▶ TASK DETAILS:
Type out all the records word for word. Any pictures are to be left out.

Referring expression grounding data:

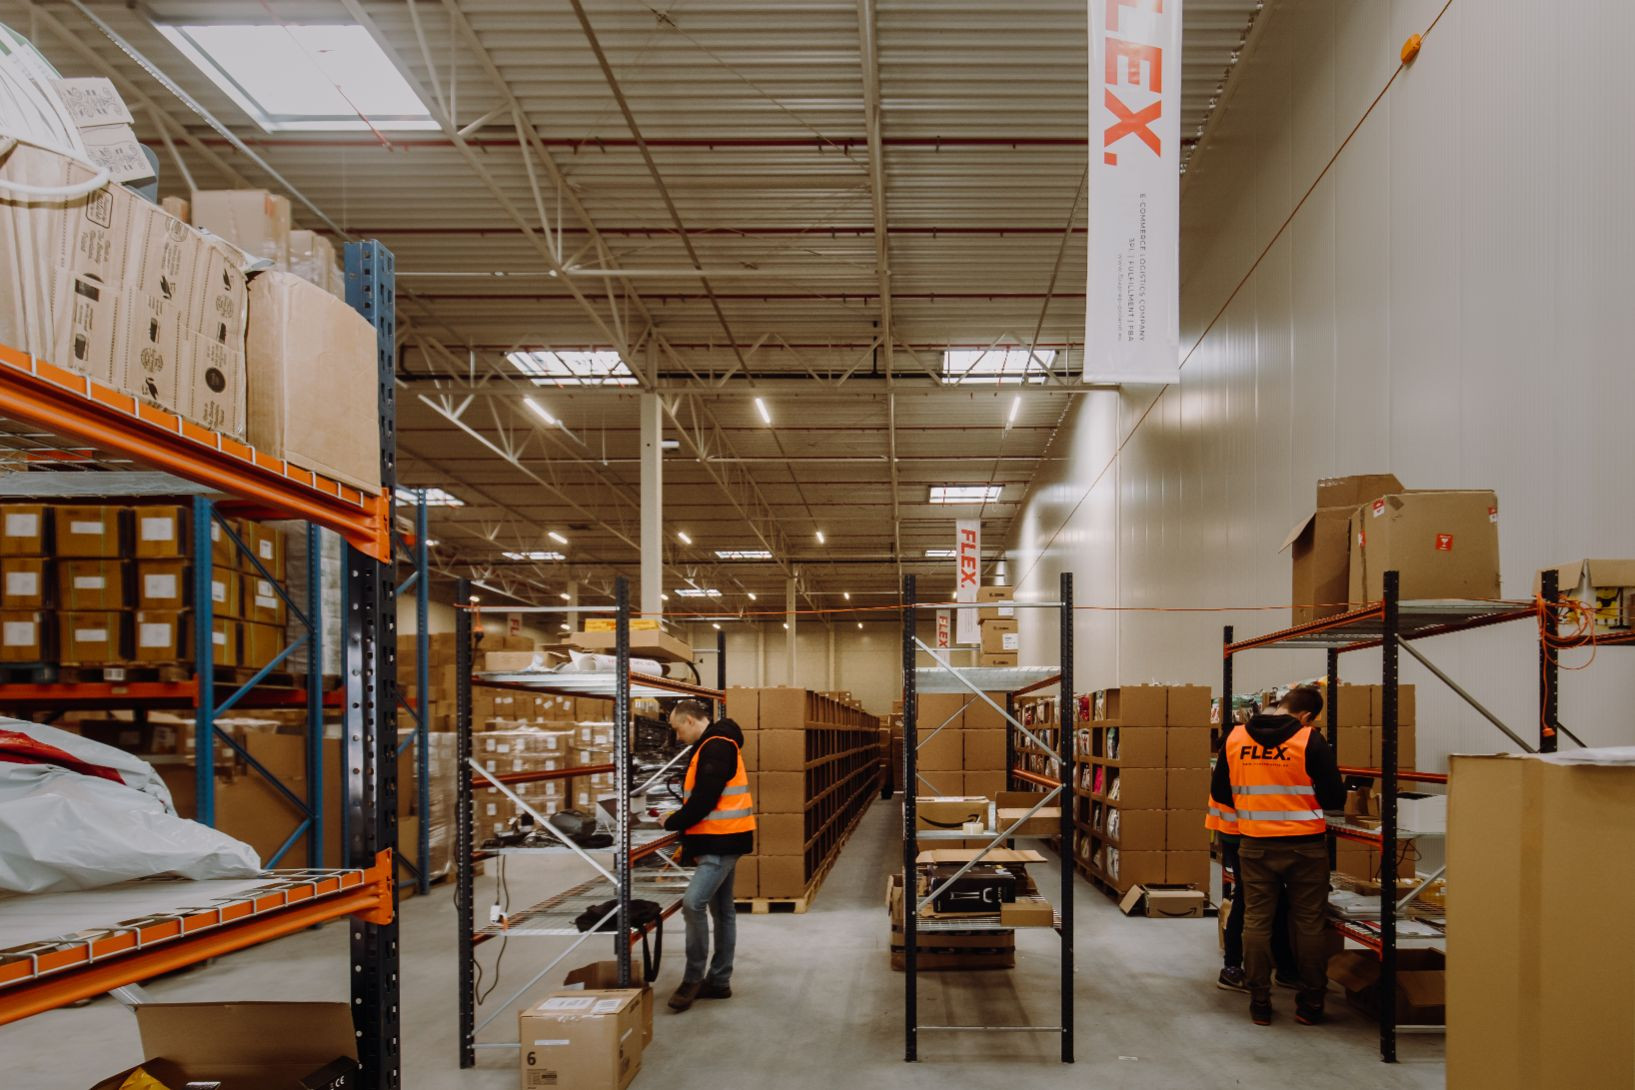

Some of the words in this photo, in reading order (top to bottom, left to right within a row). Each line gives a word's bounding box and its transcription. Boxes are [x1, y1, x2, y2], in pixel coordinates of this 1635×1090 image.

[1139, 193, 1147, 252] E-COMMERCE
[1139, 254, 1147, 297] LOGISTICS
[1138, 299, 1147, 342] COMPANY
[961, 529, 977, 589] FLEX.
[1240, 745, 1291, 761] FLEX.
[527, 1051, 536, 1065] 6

▶ SOLUTION TO THIS PROBLEM:
Some of the words in this photo, in reading order (top to bottom, left to right within a row). Each line gives a word's bounding box and its transcription. Boxes are [x1, y1, x2, y2], in pixel coordinates of this 1635×1090 image.

[1139, 193, 1147, 252] E-COMMERCE
[1139, 254, 1147, 297] LOGISTICS
[1138, 299, 1147, 342] COMPANY
[961, 529, 977, 589] FLEX.
[1240, 745, 1291, 761] FLEX.
[527, 1051, 536, 1065] 6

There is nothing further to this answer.